* _Instructions for the task_:
All pictures must be dropped, while the entries are given again word for word.

* _Recorded data_:
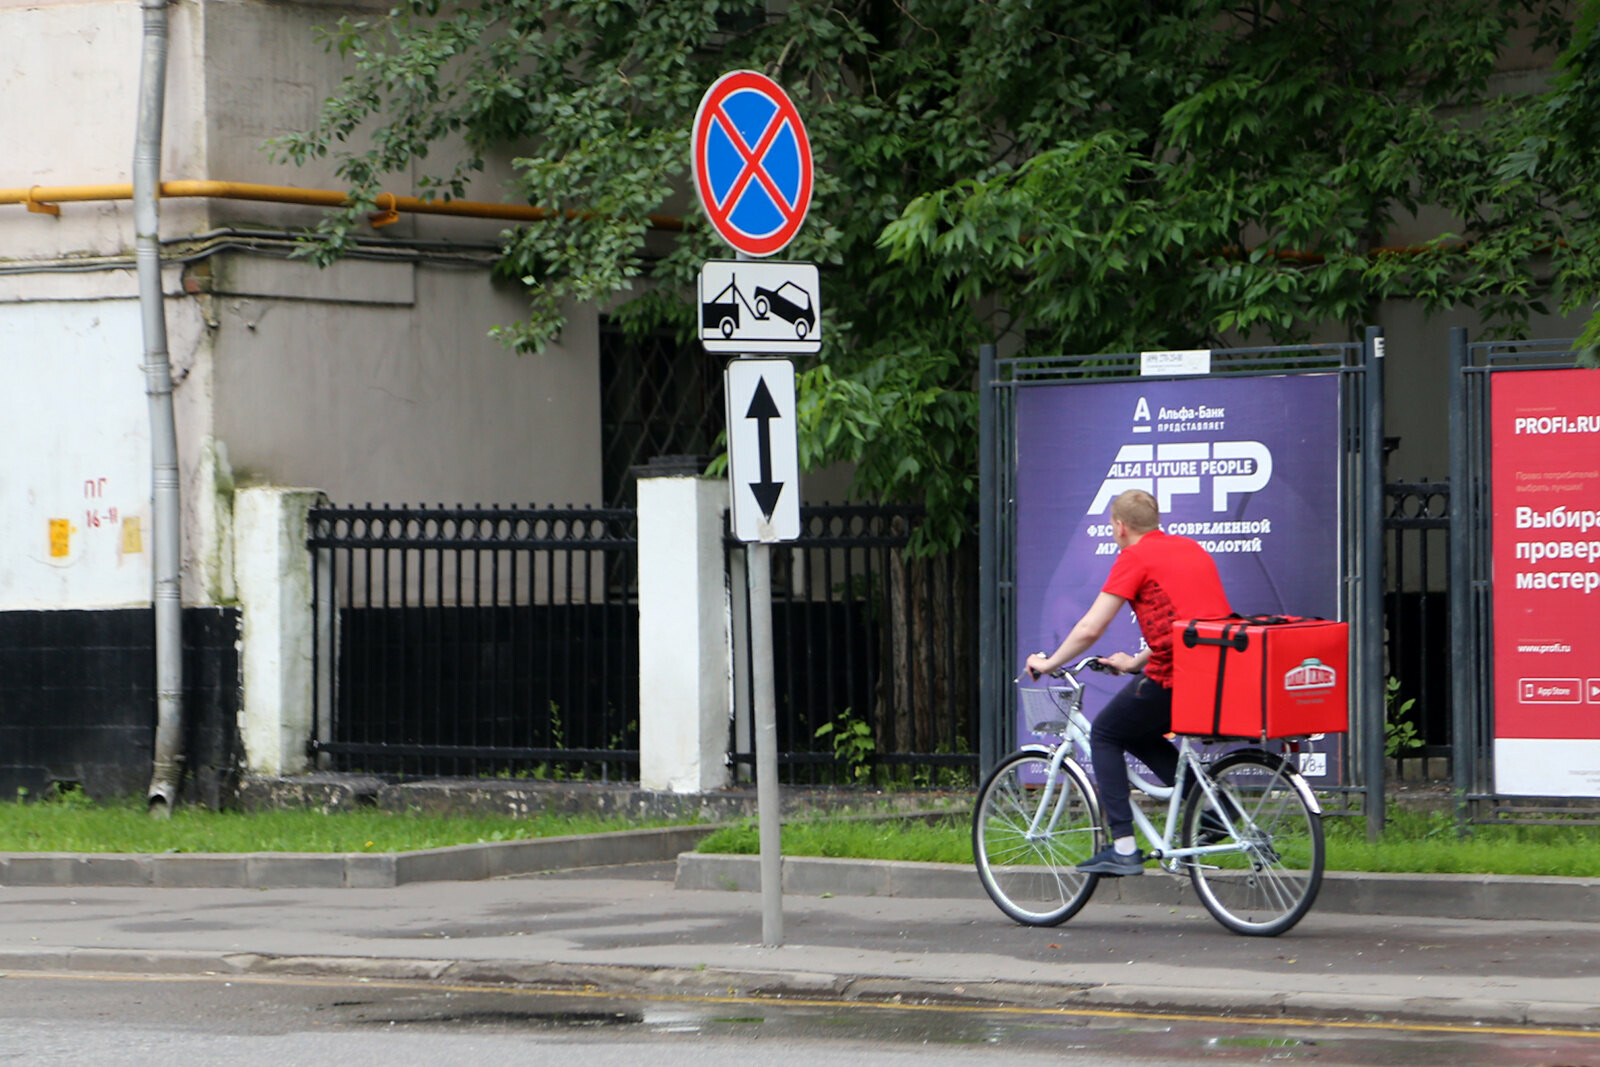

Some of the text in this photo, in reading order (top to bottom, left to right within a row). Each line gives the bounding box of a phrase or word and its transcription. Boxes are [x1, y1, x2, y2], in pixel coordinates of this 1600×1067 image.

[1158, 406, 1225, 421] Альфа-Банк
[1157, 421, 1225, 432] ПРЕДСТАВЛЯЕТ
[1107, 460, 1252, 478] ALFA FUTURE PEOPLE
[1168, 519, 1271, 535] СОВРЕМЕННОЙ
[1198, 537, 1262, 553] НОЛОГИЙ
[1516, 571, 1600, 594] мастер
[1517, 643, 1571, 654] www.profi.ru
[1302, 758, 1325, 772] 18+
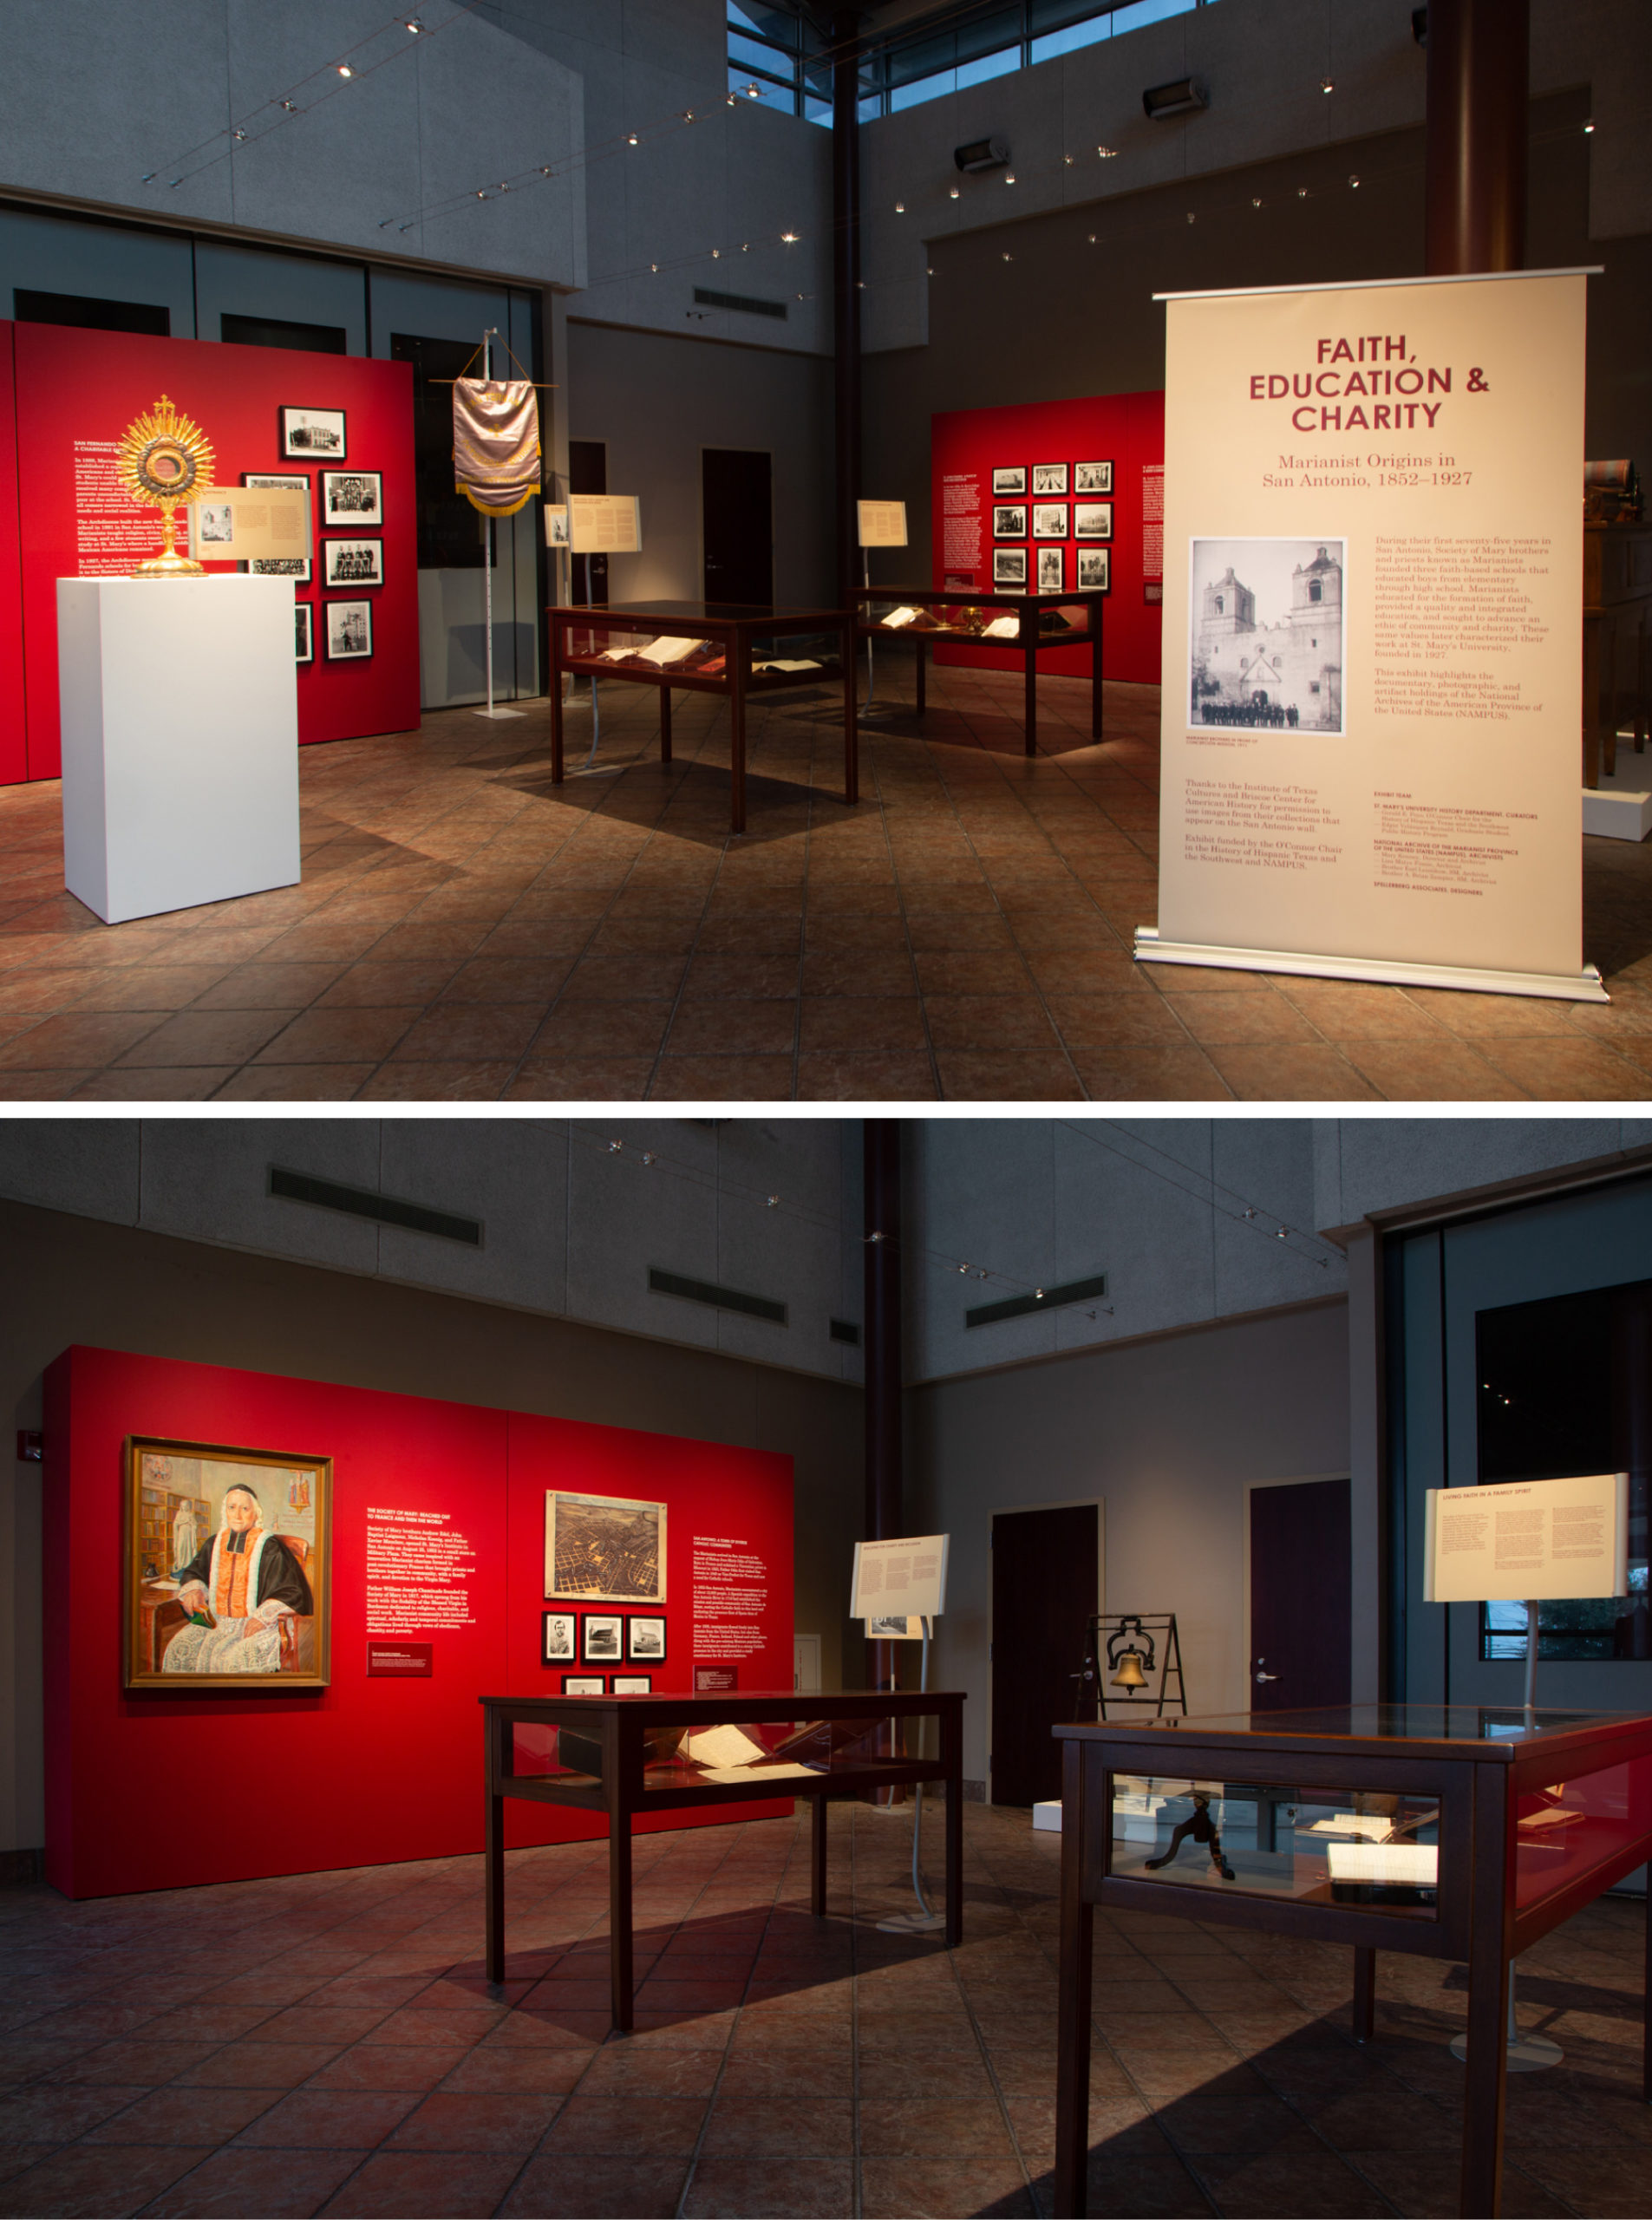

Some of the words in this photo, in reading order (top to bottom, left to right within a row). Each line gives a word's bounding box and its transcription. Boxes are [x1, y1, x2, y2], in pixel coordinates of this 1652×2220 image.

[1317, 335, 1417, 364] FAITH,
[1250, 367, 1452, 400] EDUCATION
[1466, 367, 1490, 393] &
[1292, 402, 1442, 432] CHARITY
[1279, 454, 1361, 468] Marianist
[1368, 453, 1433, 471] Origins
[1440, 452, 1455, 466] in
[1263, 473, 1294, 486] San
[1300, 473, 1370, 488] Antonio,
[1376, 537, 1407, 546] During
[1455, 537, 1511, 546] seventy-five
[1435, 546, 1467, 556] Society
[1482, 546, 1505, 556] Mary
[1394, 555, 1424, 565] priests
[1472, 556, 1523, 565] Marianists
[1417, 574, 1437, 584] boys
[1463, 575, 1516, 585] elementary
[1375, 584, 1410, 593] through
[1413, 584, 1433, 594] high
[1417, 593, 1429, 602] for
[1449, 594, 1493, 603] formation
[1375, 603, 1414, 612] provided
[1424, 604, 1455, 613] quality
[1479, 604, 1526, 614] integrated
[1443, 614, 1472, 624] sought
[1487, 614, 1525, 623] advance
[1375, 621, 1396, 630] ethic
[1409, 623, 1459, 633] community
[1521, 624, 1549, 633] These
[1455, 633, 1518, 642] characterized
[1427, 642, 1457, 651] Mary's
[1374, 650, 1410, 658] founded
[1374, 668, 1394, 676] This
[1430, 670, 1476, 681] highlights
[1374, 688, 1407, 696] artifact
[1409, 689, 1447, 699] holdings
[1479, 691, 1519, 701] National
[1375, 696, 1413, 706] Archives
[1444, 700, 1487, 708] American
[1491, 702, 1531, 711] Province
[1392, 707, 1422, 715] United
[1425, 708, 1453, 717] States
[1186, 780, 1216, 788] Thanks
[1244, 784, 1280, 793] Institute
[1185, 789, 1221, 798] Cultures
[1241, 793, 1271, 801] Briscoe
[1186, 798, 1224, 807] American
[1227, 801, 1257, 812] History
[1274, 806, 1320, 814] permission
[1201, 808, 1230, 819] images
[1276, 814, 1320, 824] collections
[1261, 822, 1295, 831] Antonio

* _Answer box_:
Some of the text in this photo, in reading order (top to bottom, left to right within a row). Each line gives the bounding box of a phrase or word and its transcription. Boxes are [x1, y1, x2, y2], in pixel coordinates of this 1600×1067 image.

[1158, 406, 1225, 421] Альфа-Банк
[1157, 421, 1225, 432] ПРЕДСТАВЛЯЕТ
[1107, 460, 1252, 478] ALFA FUTURE PEOPLE
[1168, 519, 1271, 535] СОВРЕМЕННОЙ
[1198, 537, 1262, 553] НОЛОГИЙ
[1516, 571, 1600, 594] мастер
[1517, 643, 1571, 654] www.profi.ru
[1302, 758, 1325, 772] 18+

Some of the words in this photo, in reading order (top to bottom, left to right within a row). Each line gives a word's bounding box and its transcription. Boxes are [x1, y1, x2, y2], in pixel coordinates of this 1652×2220 image.

[1317, 335, 1417, 364] FAITH,
[1250, 367, 1452, 400] EDUCATION
[1466, 367, 1490, 393] &
[1292, 402, 1442, 432] CHARITY
[1279, 454, 1361, 468] Marianist
[1368, 453, 1433, 471] Origins
[1440, 452, 1455, 466] in
[1263, 473, 1294, 486] San
[1300, 473, 1370, 488] Antonio,
[1376, 537, 1407, 546] During
[1455, 537, 1511, 546] seventy-five
[1435, 546, 1467, 556] Society
[1482, 546, 1505, 556] Mary
[1394, 555, 1424, 565] priests
[1472, 556, 1523, 565] Marianists
[1417, 574, 1437, 584] boys
[1463, 575, 1516, 585] elementary
[1375, 584, 1410, 593] through
[1413, 584, 1433, 594] high
[1417, 593, 1429, 602] for
[1449, 594, 1493, 603] formation
[1375, 603, 1414, 612] provided
[1424, 604, 1455, 613] quality
[1479, 604, 1526, 614] integrated
[1443, 614, 1472, 624] sought
[1487, 614, 1525, 623] advance
[1375, 621, 1396, 630] ethic
[1409, 623, 1459, 633] community
[1521, 624, 1549, 633] These
[1455, 633, 1518, 642] characterized
[1427, 642, 1457, 651] Mary's
[1374, 650, 1410, 658] founded
[1374, 668, 1394, 676] This
[1430, 670, 1476, 681] highlights
[1374, 688, 1407, 696] artifact
[1409, 689, 1447, 699] holdings
[1479, 691, 1519, 701] National
[1375, 696, 1413, 706] Archives
[1444, 700, 1487, 708] American
[1491, 702, 1531, 711] Province
[1392, 707, 1422, 715] United
[1425, 708, 1453, 717] States
[1186, 780, 1216, 788] Thanks
[1244, 784, 1280, 793] Institute
[1185, 789, 1221, 798] Cultures
[1241, 793, 1271, 801] Briscoe
[1186, 798, 1224, 807] American
[1227, 801, 1257, 812] History
[1274, 806, 1320, 814] permission
[1201, 808, 1230, 819] images
[1276, 814, 1320, 824] collections
[1261, 822, 1295, 831] Antonio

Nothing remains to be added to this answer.